Eligibility Criteria
Inclusion
- Patients who completed the phase III trial (MT14-KR20GBL309)
- Patients who were capable of understanding and complying with the protocol and have signed the informed consent form voluntarily
Exclusion
- Patients who have received other procedures which may affect glabellar lines within 6 months (except of MBA-P01 or BOTOX® treated in phase III trial, MT14-KR20GBL309)
- Female patients who are pregnant or lactating.

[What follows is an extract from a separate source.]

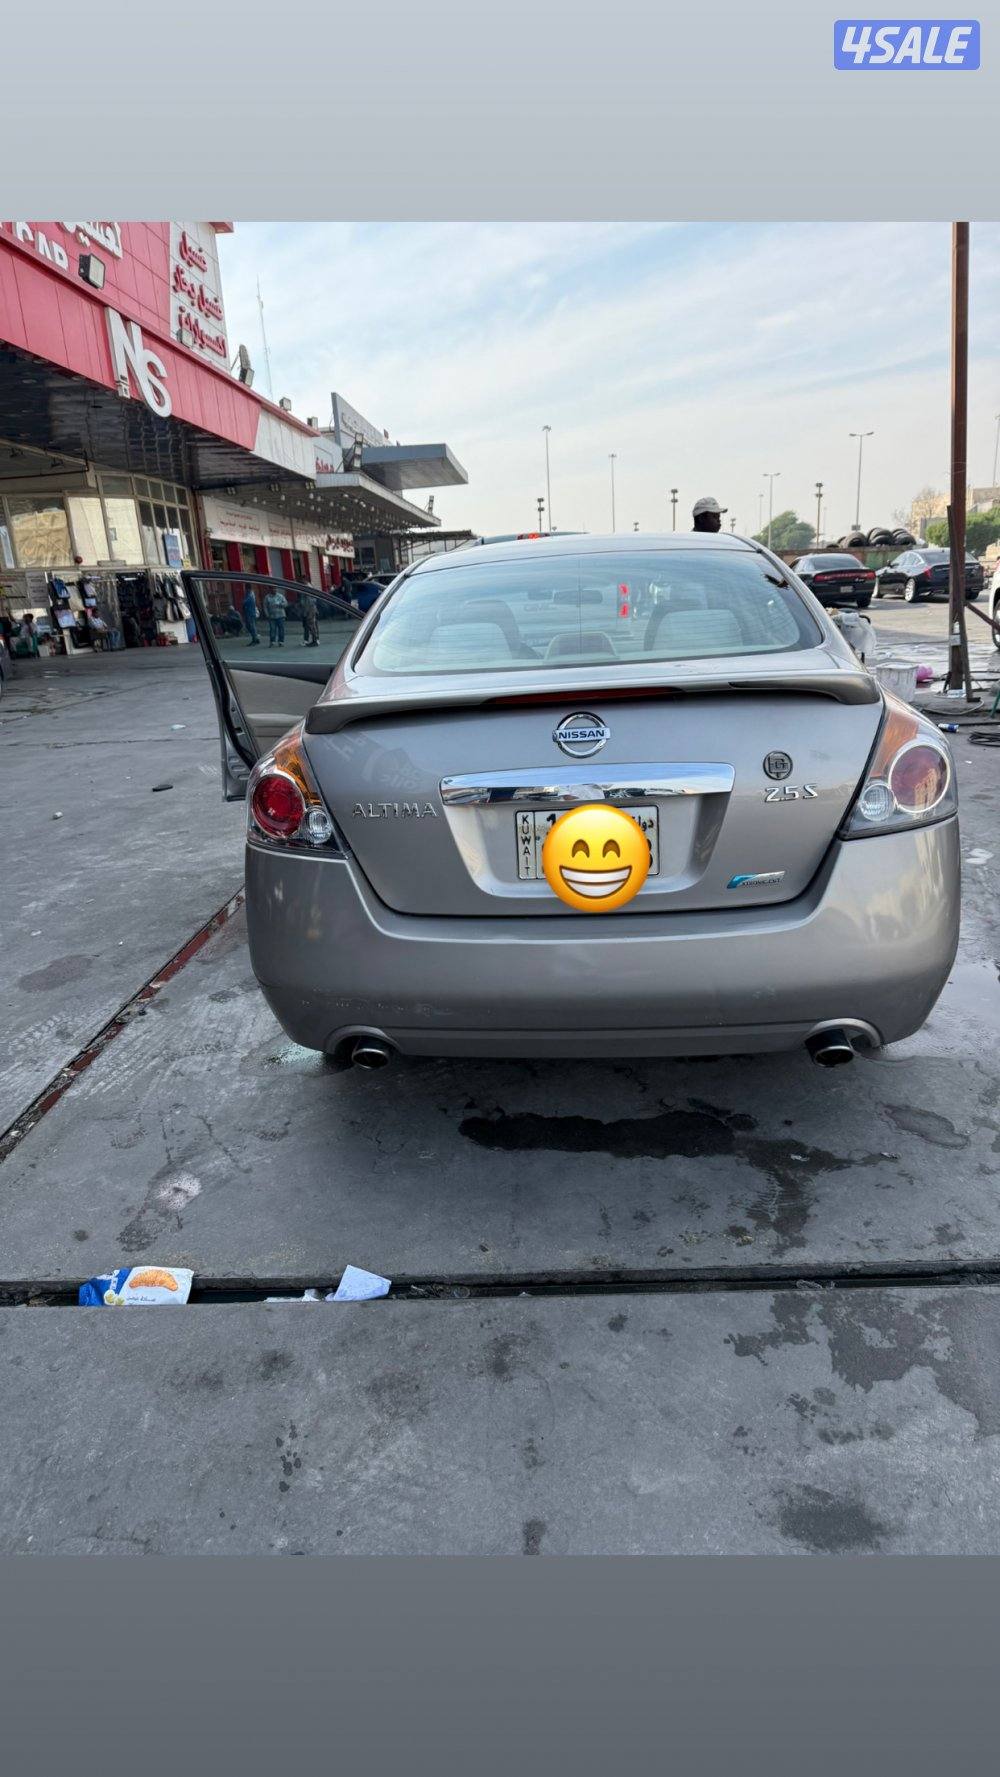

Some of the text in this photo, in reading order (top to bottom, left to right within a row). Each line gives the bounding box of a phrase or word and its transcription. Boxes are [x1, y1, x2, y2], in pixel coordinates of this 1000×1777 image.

[558, 729, 606, 740] NISSAN
[352, 802, 439, 818] ALTIMA
[521, 814, 532, 876] KUWAIT

Female patients of childbearing age who have a plan to get pregnant during the study period.
- Patient who do not use available contraceptive methods (Women of childbearing age should have negative urine pregnancy test results at baseline visit (0 week) prior to the first injection.)
- Patients who are participating in other clinical trials or have participated in other clinical trials 30 days before screening
- Patients who are not eligible for this study based on the judgment of an investigator
Key Trial Info
Start Date :
February 7 2022
Trial Type :
INTERVENTIONAL
Allocation :
ACTUAL
End Date :
May 30 2023
Estimated Enrollment :
253 Patients enrolled
Trial Details
Trial ID
NCT05321979
Start Date
February 7 2022
End Date
May 30 2023
Last Update
January 16 2024
Active Locations (1)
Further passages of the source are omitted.